Frank Lynn (who in the interest of transparency is the brother-in-law of the filmmaker) had been operating a successful pizza-oriented food truck for two years and yearned to have a brick-and-mortar location to call his own. He found one in the Maryland suburbs of DC but the space would need some extensive work. Believing that the $86,000 he raised through family members and Crowdfunding would be more than sufficient to get his neighborhood pizzeria open, he set about remodeling his space mainly with the help of his family and friends.

Both project take longer than expected to reach opening night and both are fraught with issues that threaten to kill the dreams of their prospective owners before they even get started. We see pretty much everything; the process of getting permits, the physical construction, ordering a pizza oven that turns out to be defective, the compromises and calamities all told.

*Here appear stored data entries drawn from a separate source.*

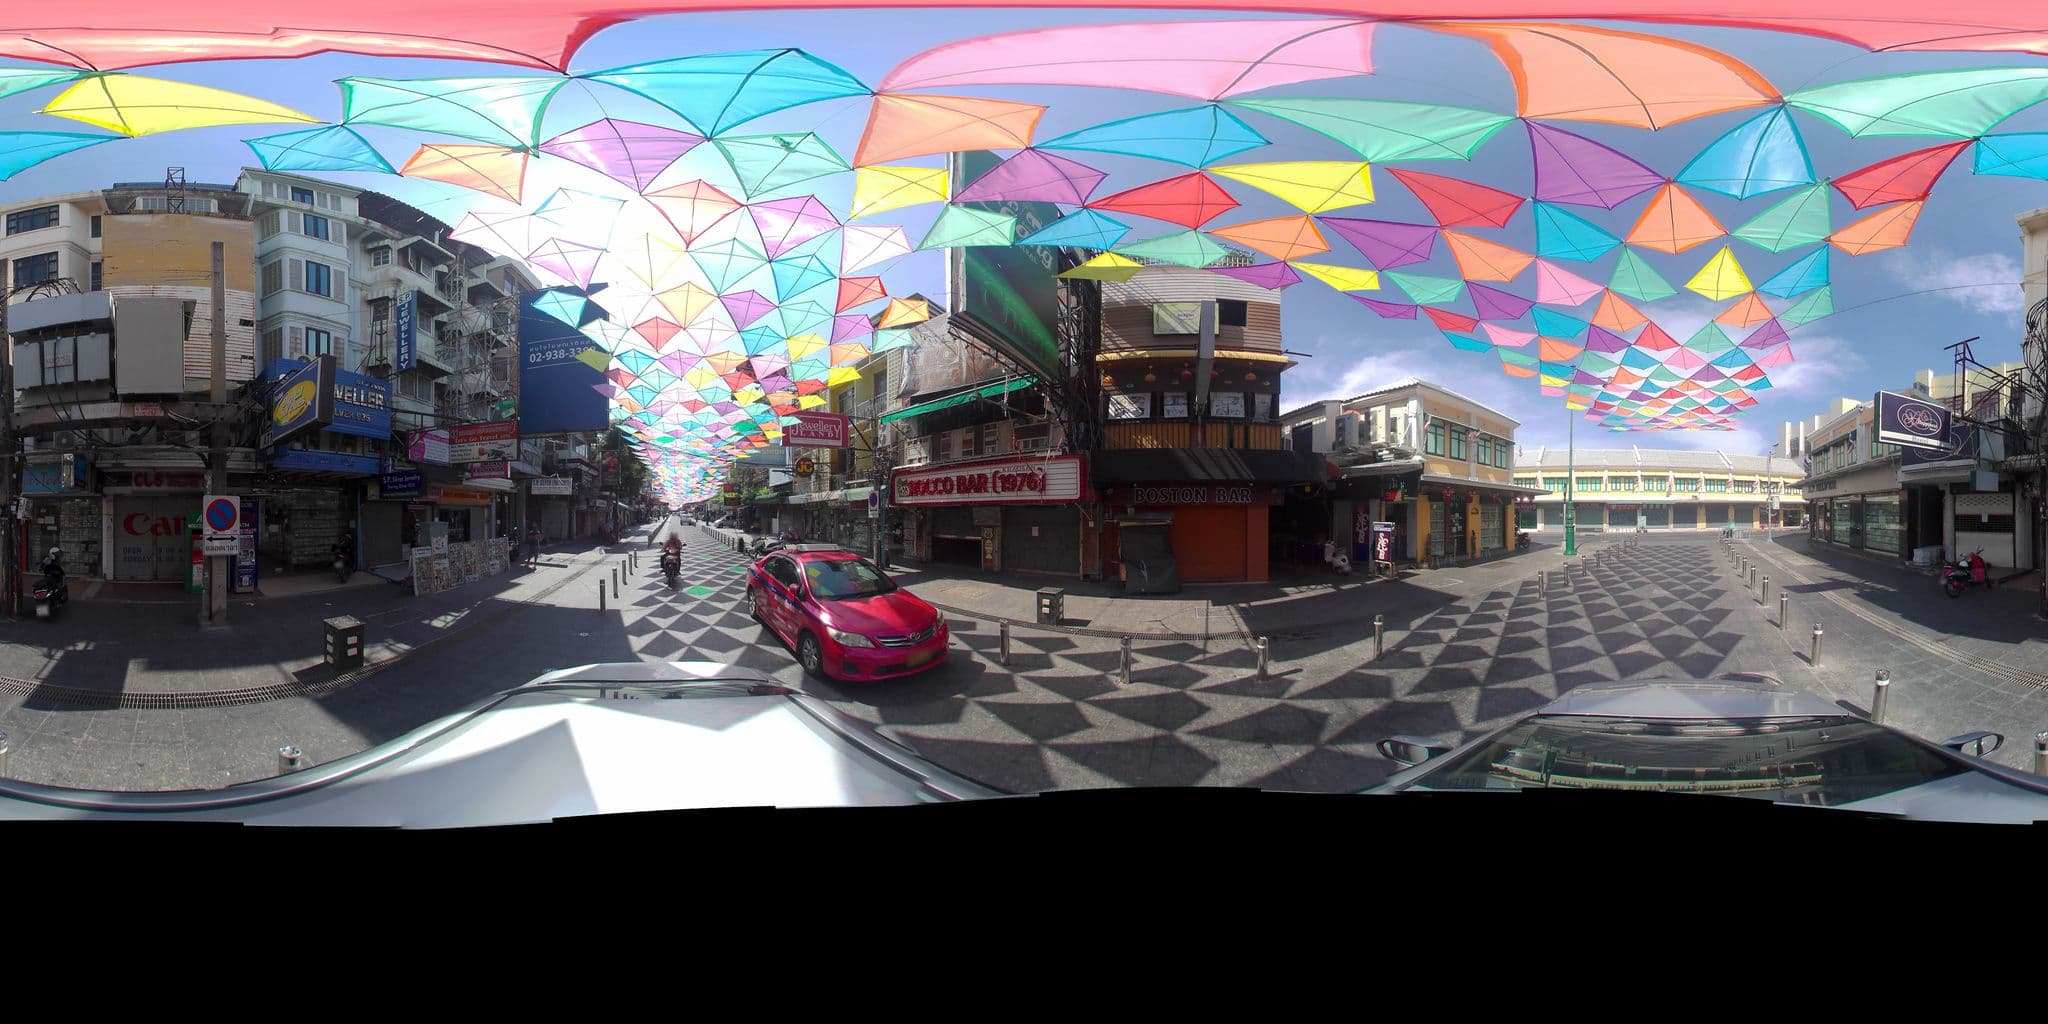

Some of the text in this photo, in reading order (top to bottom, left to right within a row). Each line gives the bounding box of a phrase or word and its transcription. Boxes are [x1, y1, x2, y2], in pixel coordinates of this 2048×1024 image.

[399, 303, 409, 369] JEWELLERY
[956, 472, 988, 494] BAR
[991, 467, 1047, 494] (1976)
[1134, 487, 1251, 503] BOSTON BAR
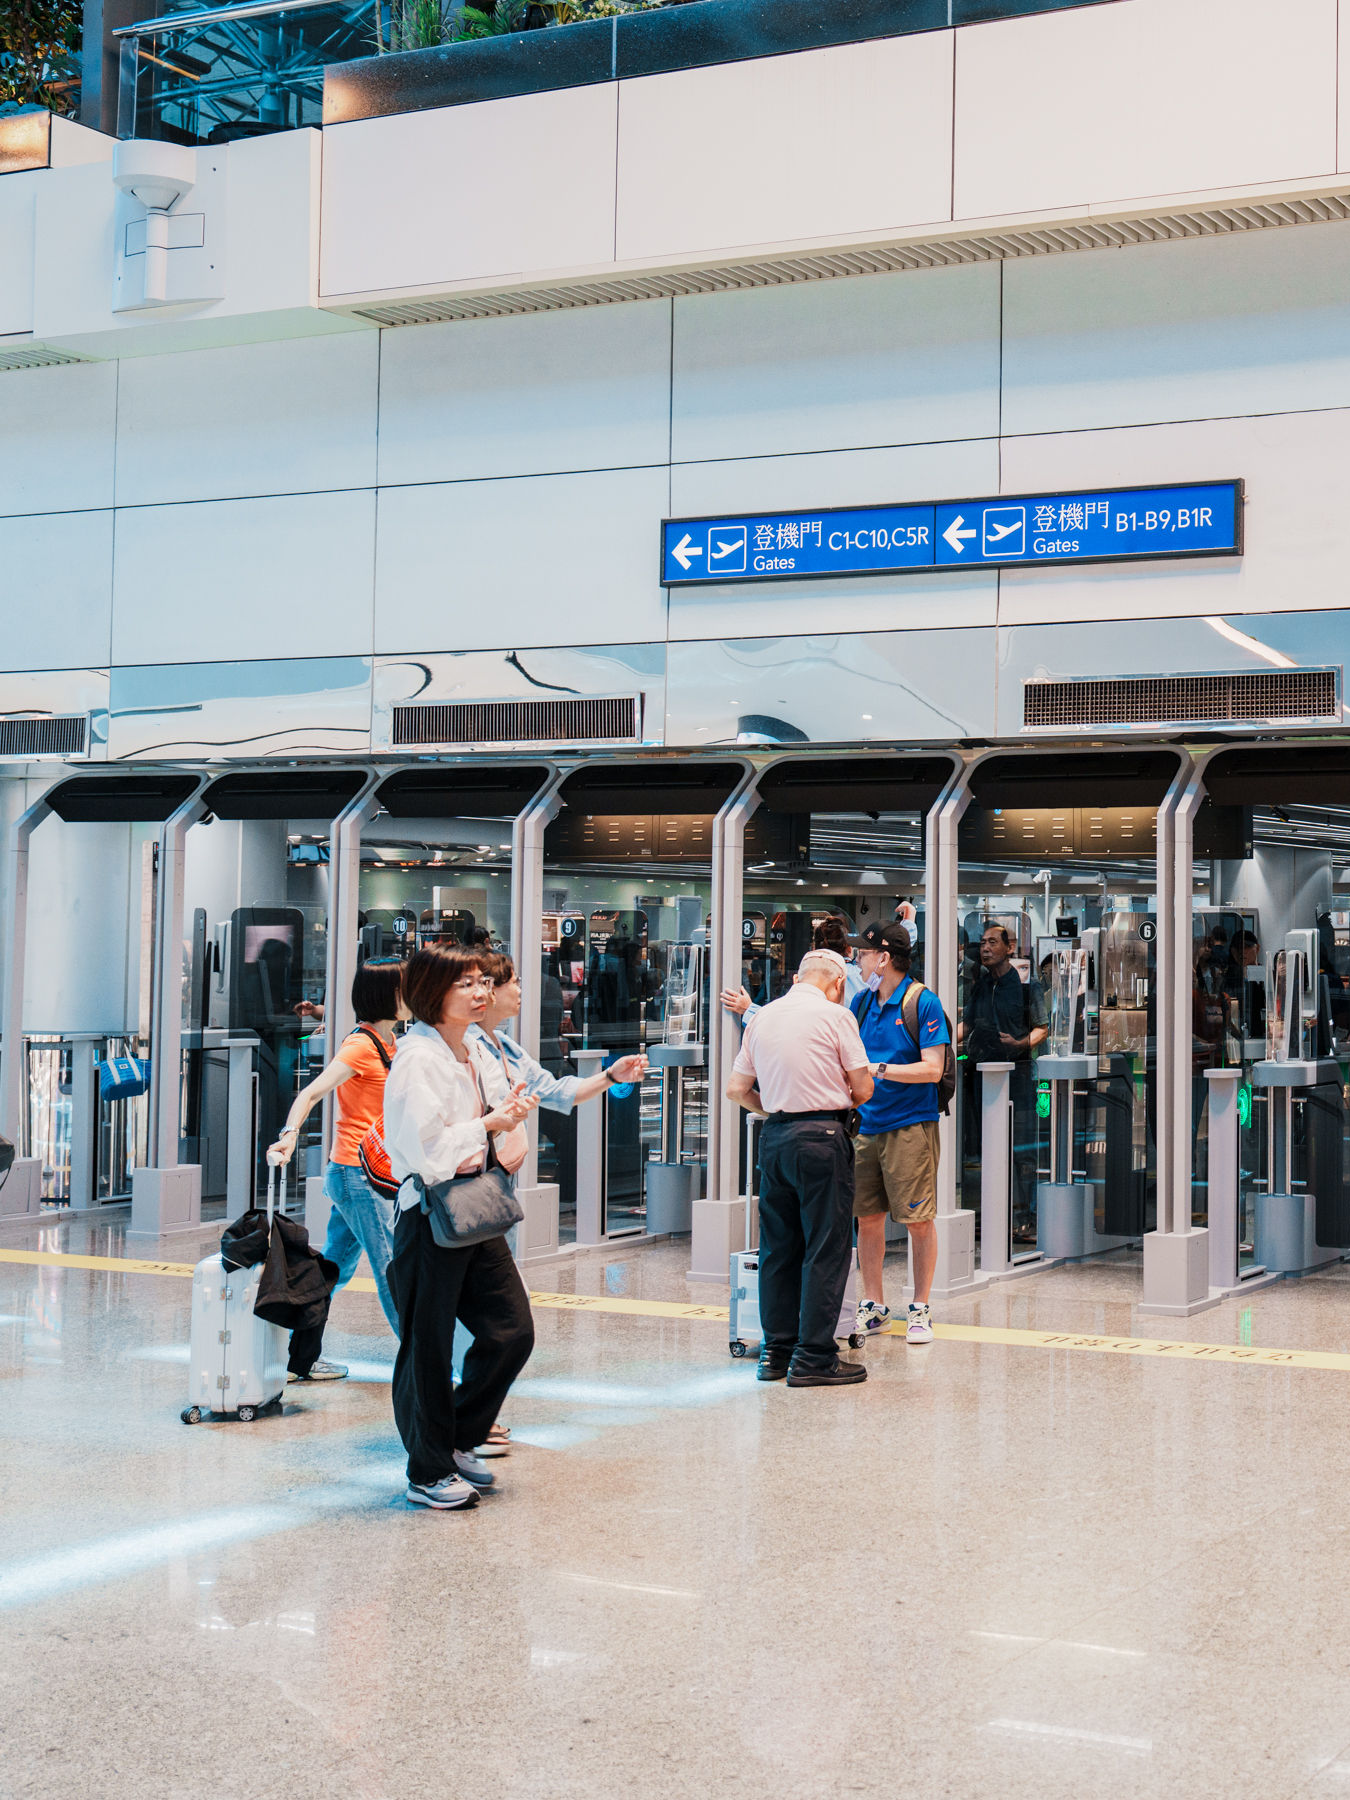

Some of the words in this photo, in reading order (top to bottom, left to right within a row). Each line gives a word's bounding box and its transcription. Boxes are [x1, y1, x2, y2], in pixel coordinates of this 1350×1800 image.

[1033, 501, 1110, 533] 登機門
[1117, 507, 1213, 533] B1-B9,B1R
[753, 520, 822, 551] 登機門
[829, 526, 929, 552] C1-C10,C5R
[1034, 537, 1080, 555] Gates
[754, 555, 796, 572] Gates
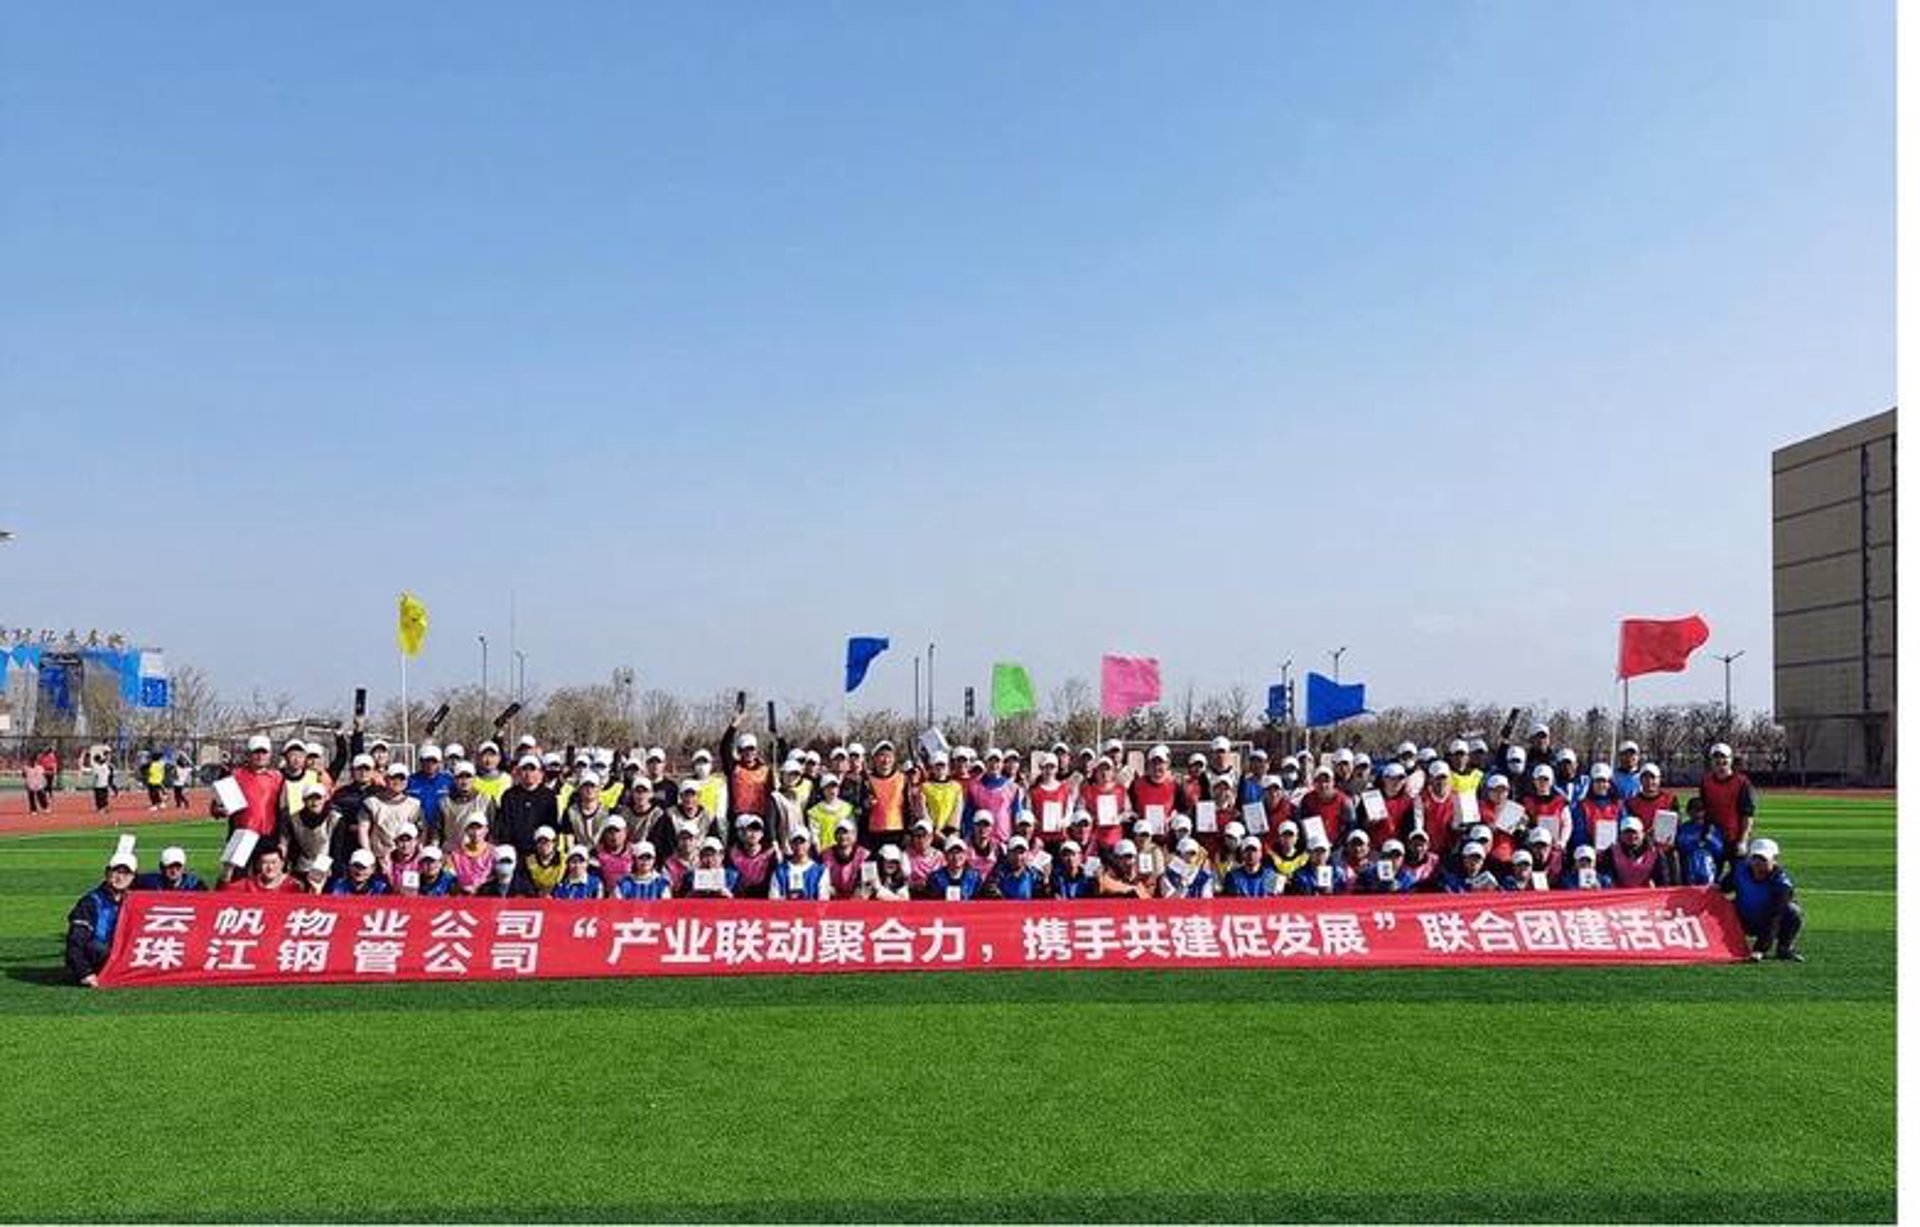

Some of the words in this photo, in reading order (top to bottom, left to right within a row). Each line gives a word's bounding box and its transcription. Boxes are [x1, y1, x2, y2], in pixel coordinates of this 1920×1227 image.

[143, 906, 544, 938] 云帆物业公司
[130, 936, 539, 974] 珠江钢管公司

Many restaurant owners are going to see this and chuckle ruefully to themselves. Others who are thinking about opening a restaurant might turn white as a sheet. However, the cautionary tale is that Harrison-Atlas turned out to be extraordinarily lucky; most restaurants don’t make it to their first anniversary and the number that make it to their second is terrifyingly low. Still, this is a fascinating behind the scenes look at how your neighborhood restaurants came into being. That the two owners are engaging and charismatic fellas makes this a lot more palatable because some might find the somewhat clinical view of the start to finish process a bit of a slog. However I assure you that you’ll leave the theater (or your home couch if you are watching through streaming or home video) a little bit more educated about the business and, even more likely, craving something good to eat.

REASONS TO GO: An informative look at what goes into opening a restaurant. A rooting interest is maintained even when the expectations aren’t realistic.
REASONS TO STAY: Might be a little bit too “nuts and bolts” for some.
FAMILY VALUES: There’s some profanity occasionally.
TRIVIAL PURSUIT: Rose’s Luxury would go on to win the James Beard award for Best New Restaurant, Mid-Atlantic Region in 2014.
CRITICAL MASS: As of 5/10/17: Rotten Tomatoes: No score yet. Metacritic: No score yet.